→ **Problem requirements**
Copy down every line of the data that follows exactly. Omit the pictures.

START Exercise materials

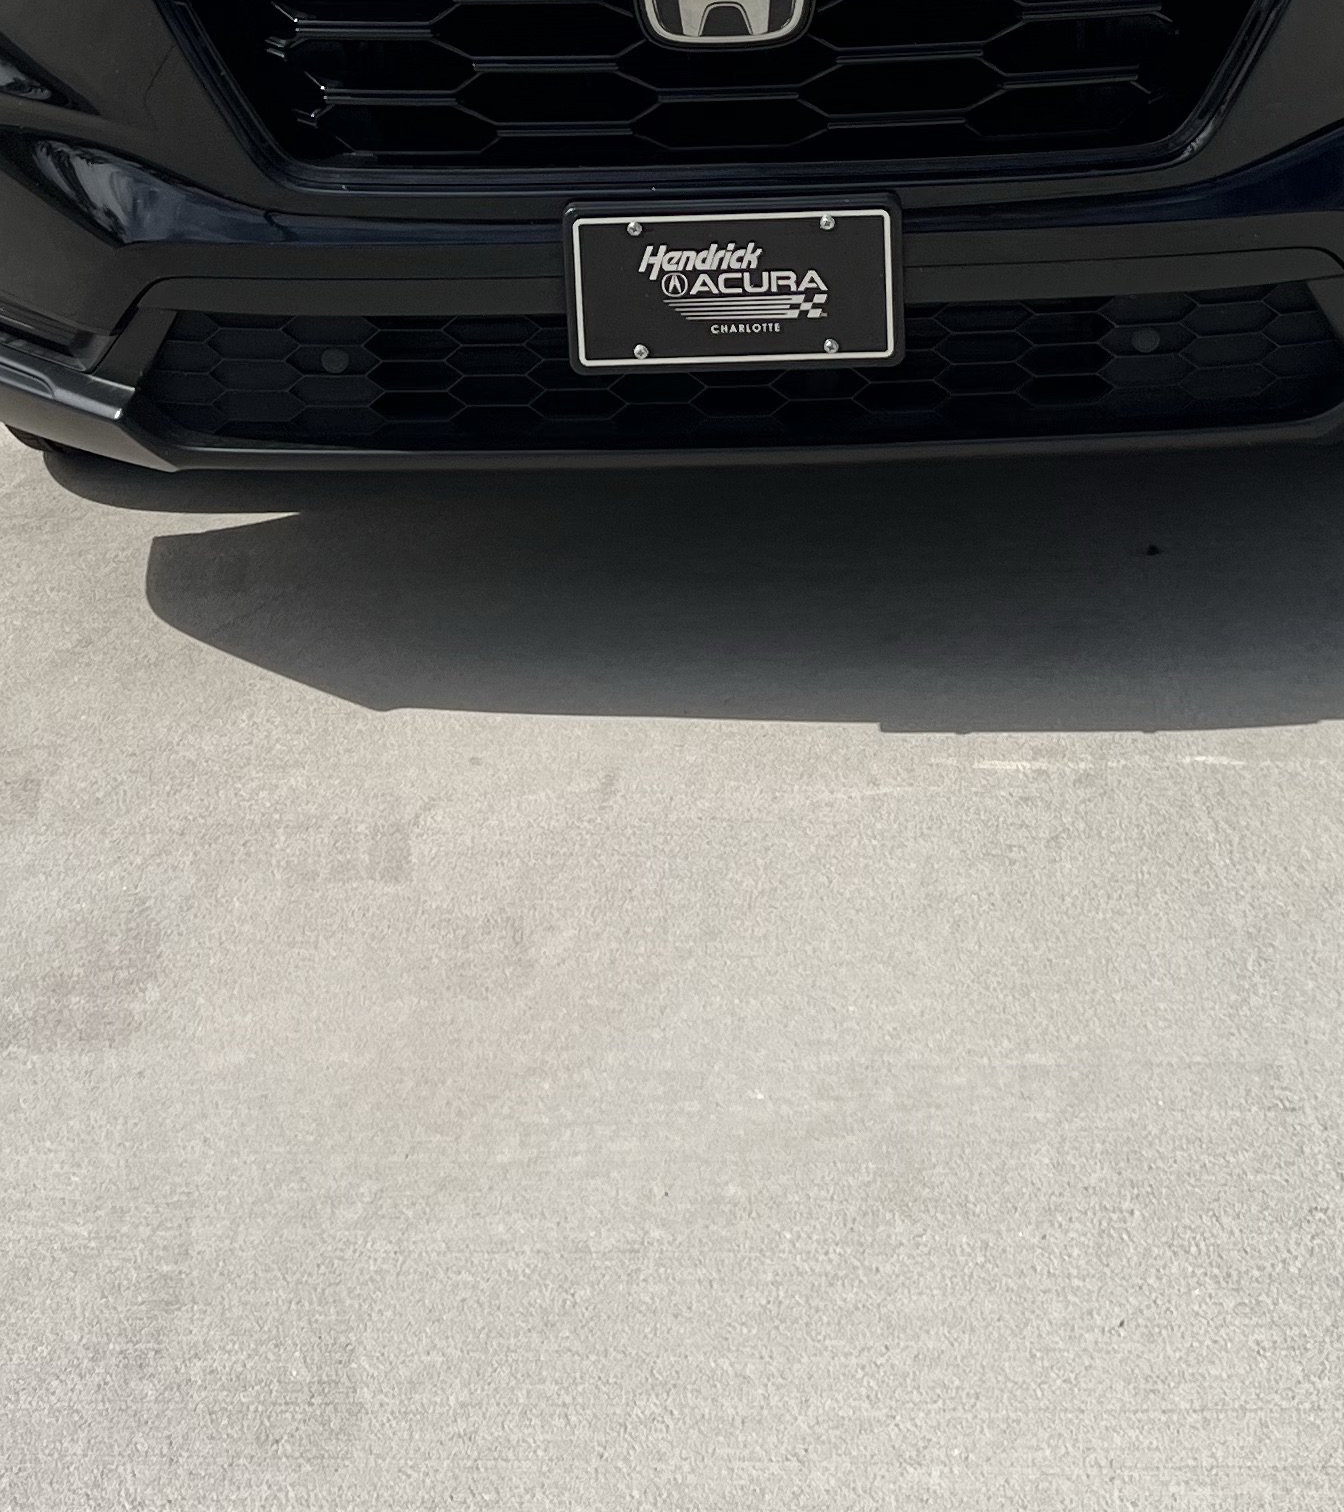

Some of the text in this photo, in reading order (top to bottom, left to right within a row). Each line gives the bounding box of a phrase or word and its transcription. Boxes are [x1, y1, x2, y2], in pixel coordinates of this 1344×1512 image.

[639, 242, 762, 281] Hendrick
[690, 270, 828, 295] ACURA
[710, 322, 781, 334] CHARLOTTE
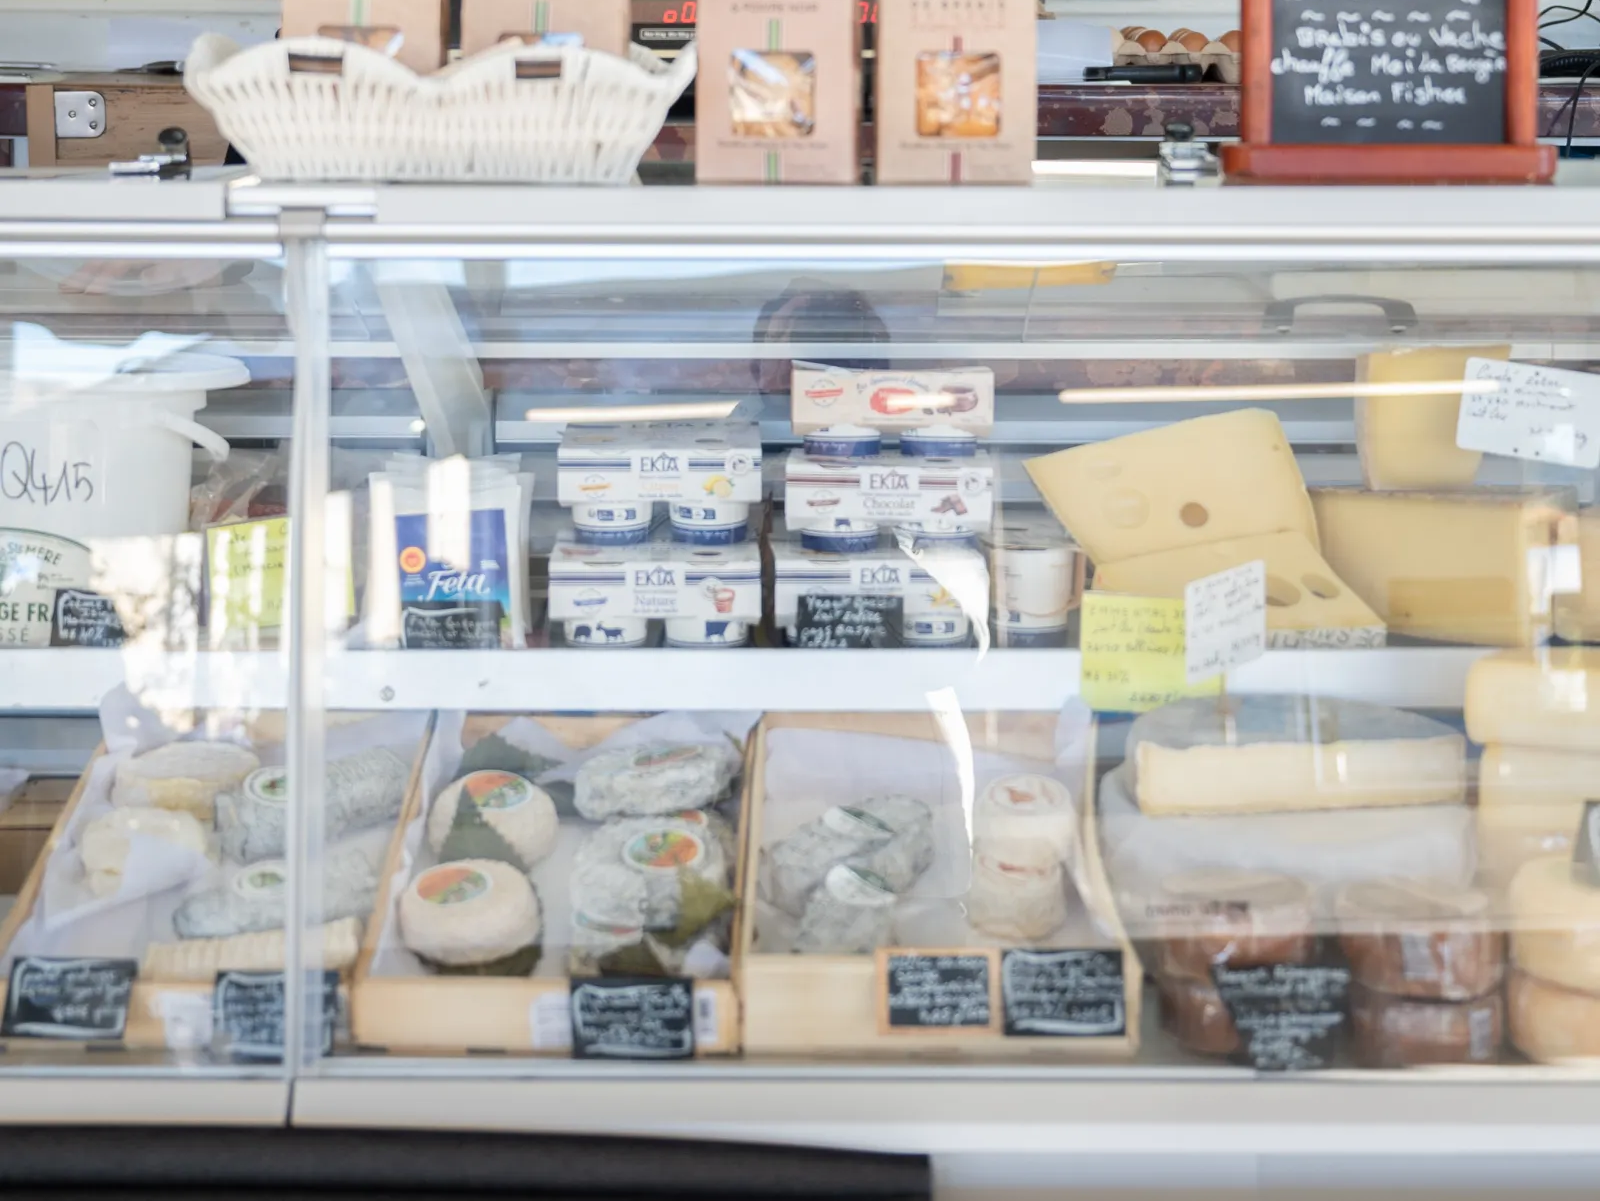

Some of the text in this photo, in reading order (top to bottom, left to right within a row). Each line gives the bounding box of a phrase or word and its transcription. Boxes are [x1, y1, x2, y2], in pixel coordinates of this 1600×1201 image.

[1295, 19, 1386, 48] Brebis
[1392, 31, 1421, 48] ou
[1304, 83, 1382, 106] Maison
[640, 453, 679, 472] EKIA
[869, 470, 909, 490] EKIA
[862, 498, 915, 510] Chocolat
[634, 566, 676, 586] EKIA
[860, 564, 900, 584] EKIA
[426, 569, 490, 601] Feta
[634, 594, 676, 606] Nature
[27, 602, 53, 622] FR
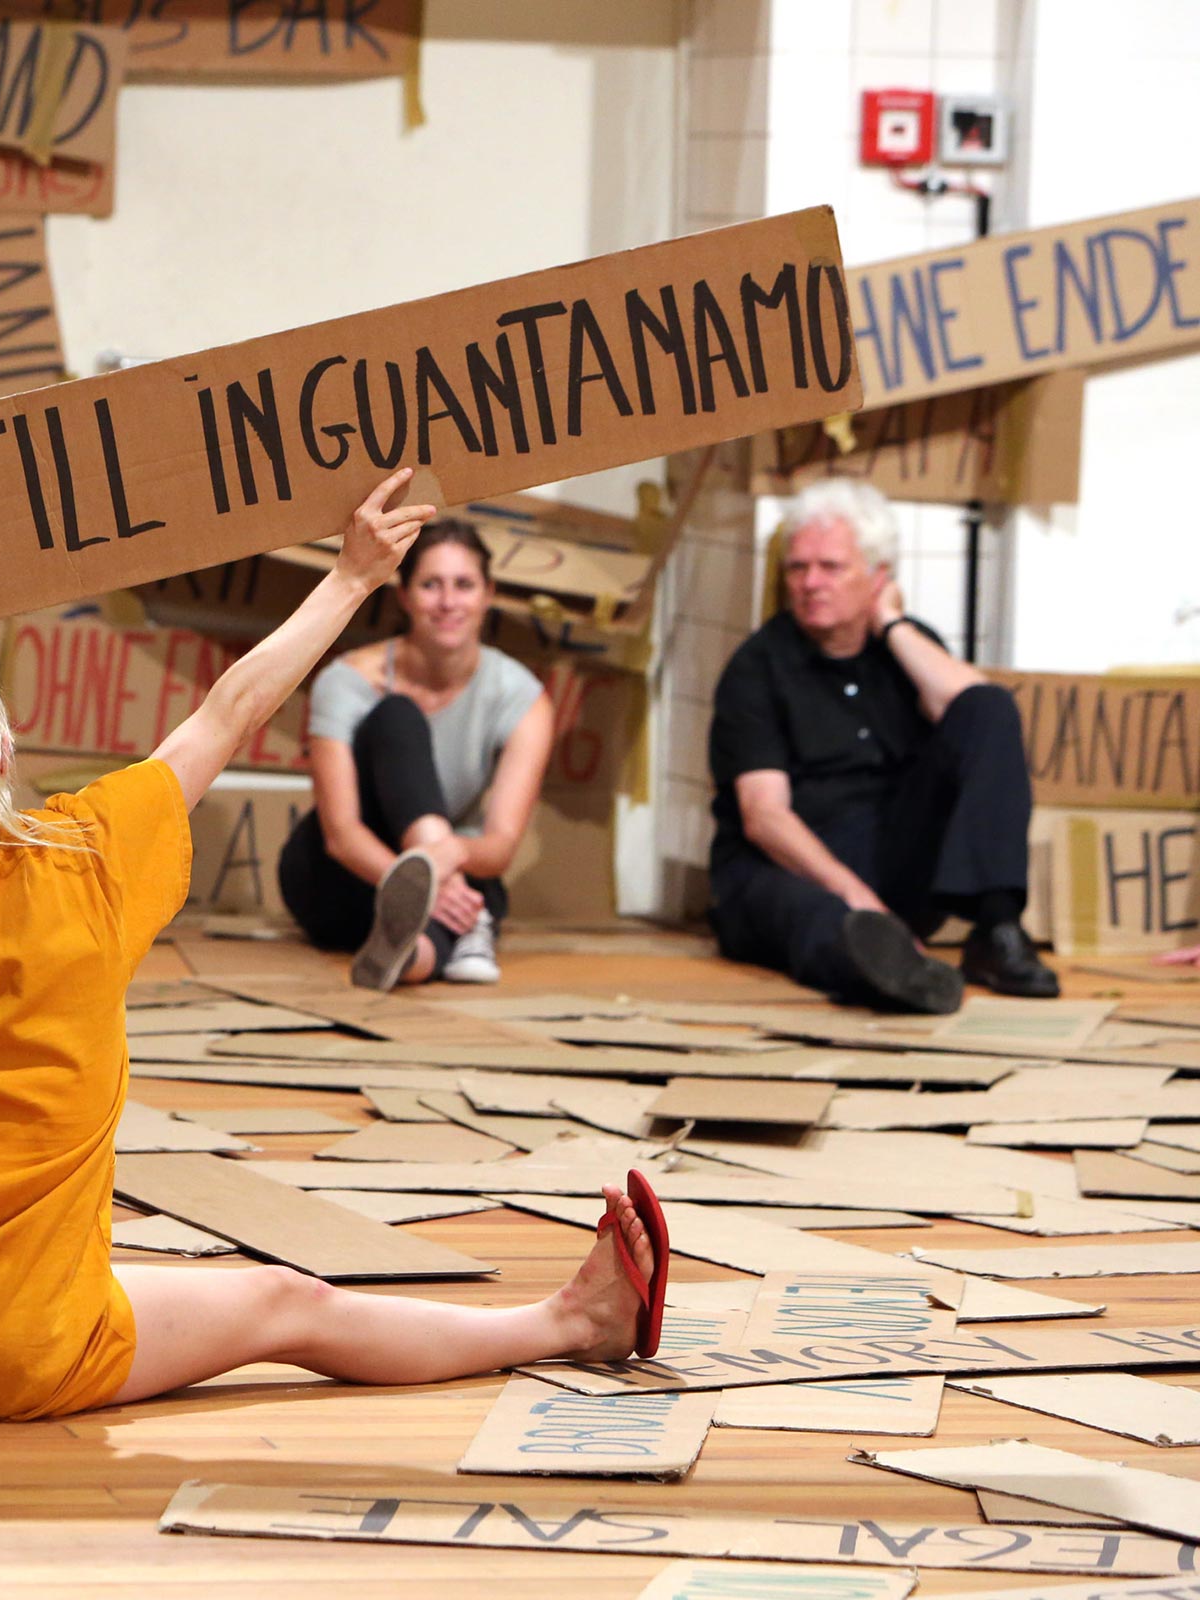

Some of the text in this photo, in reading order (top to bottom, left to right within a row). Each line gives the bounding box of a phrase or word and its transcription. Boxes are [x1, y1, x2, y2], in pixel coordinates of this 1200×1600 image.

END Exercise materials

→ **Result for this exercise**
Some of the text in this photo, in reading order (top to bottom, left to right within a row). Each line gives the bounding box of a phrase or word and its transcription. Boxes are [x1, y1, x2, y2], in pixel coordinates of this 1344×1512 image.

[639, 242, 762, 281] Hendrick
[690, 270, 828, 295] ACURA
[710, 322, 781, 334] CHARLOTTE

Some of the text in this photo, in reading order (top to bottom, left to right within a row). Each line gives the bounding box of a phrase or word and its transcription. Boxes are [x1, y1, x2, y2], in pixel coordinates of this 1600×1201 image.

[1295, 19, 1386, 48] Brebis
[1392, 31, 1421, 48] ou
[1304, 83, 1382, 106] Maison
[640, 453, 679, 472] EKIA
[869, 470, 909, 490] EKIA
[862, 498, 915, 510] Chocolat
[634, 566, 676, 586] EKIA
[860, 564, 900, 584] EKIA
[426, 569, 490, 601] Feta
[634, 594, 676, 606] Nature
[27, 602, 53, 622] FR

Some of the text in this photo, in reading order (top to bottom, left to right within a row). Each line gives the bounding box of a phrase or word and its transcription. Boxes are [x1, y1, x2, y2], in pixel coordinates of this 1200×1600 image.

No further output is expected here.